SAN DIEGO, CA (CBS) – You might have even more in common with your friends than you think. In fact, you probably share some of the same genes.

That's according to new research out of Yale and the University of California – San Diego, which shows that friends are about as genetically similar as fourth cousins.

Researchers say they focused on nearly 2,000 subjects from the Framingham Heart Study, one of the largest sets of data that contains both genetic information and information on social relationships between the people it was collected from.

What they found is that people who were friends shared about one percent of the same genes.

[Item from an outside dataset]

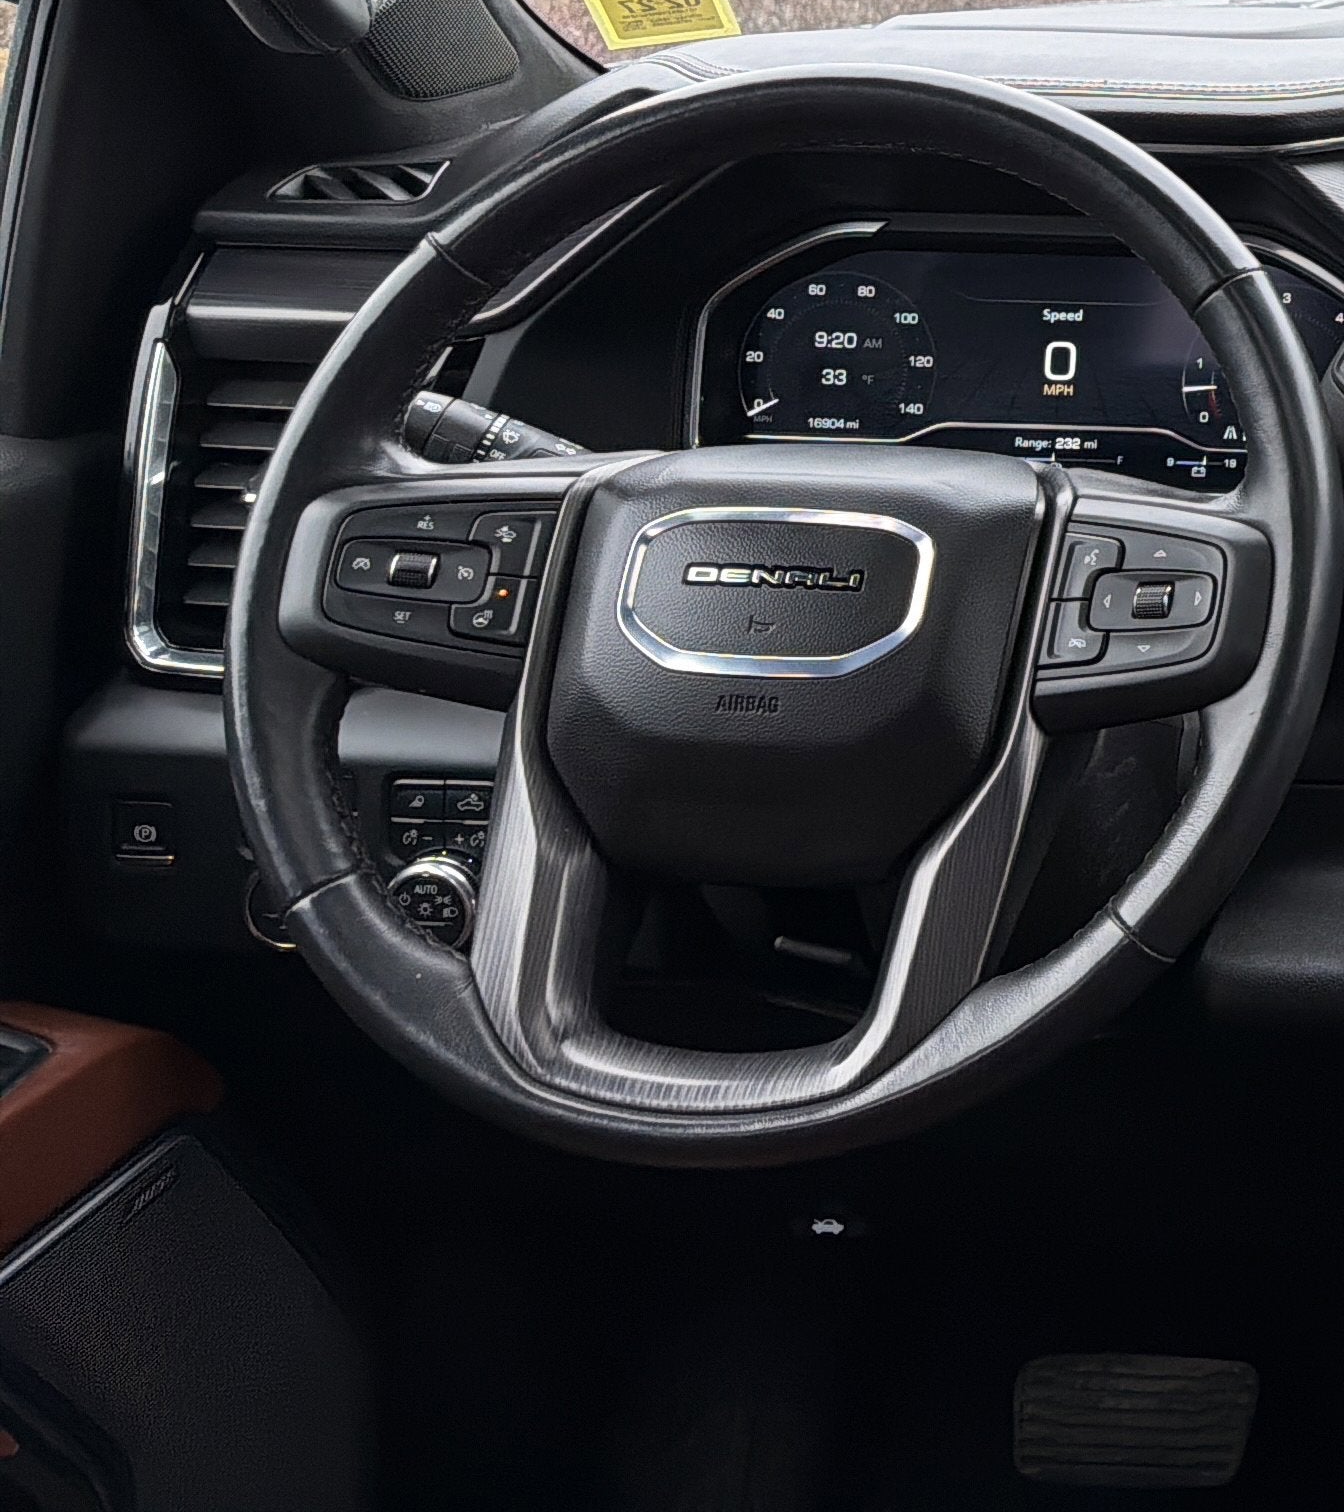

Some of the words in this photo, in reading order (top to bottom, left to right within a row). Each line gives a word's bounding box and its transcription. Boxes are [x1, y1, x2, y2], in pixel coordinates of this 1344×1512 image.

And though "One percent may not sound like much to the layperson…most people don't even know who their fourth cousins are," co-author Nicholas Christakis, professor of sociology, evolutionary biology, and medicine at Yale, tells the UC San Diego News Center, "We are somehow, among a myriad of possibilities, managing to select as friends the people who resemble our kin."

Scientists say their findings make sense, as "functional kinship" can produce a number of evolutionary advantages. As they explain it, if your friend wants to make a fire and you're cold, you both benefit.

And while friends were most alike in genes having to do with sense of smell, they were the most different in terms of their immune systems. This, too, has advantages, since "having connections to people who are able to withstand different pathogens reduces interpersonal spread."

But perhaps the most fascinating finding gleaned from the study? Genes that were similar between friends seem to be evolving faster than other genes, suggesting that "social environment itself is an evolutionary force."

"The first mutant to speak needed someone else to speak to. The ability is useless if there's no one who shares it. These types of traits in people are a kind of social network effect," explains the study's co-author James Fowler, who is also a professor of medical genetics and political science at UC San Diego.

The research is published in a recent issue of the journal Proceedings the National Academy of Sciences of the United States of America.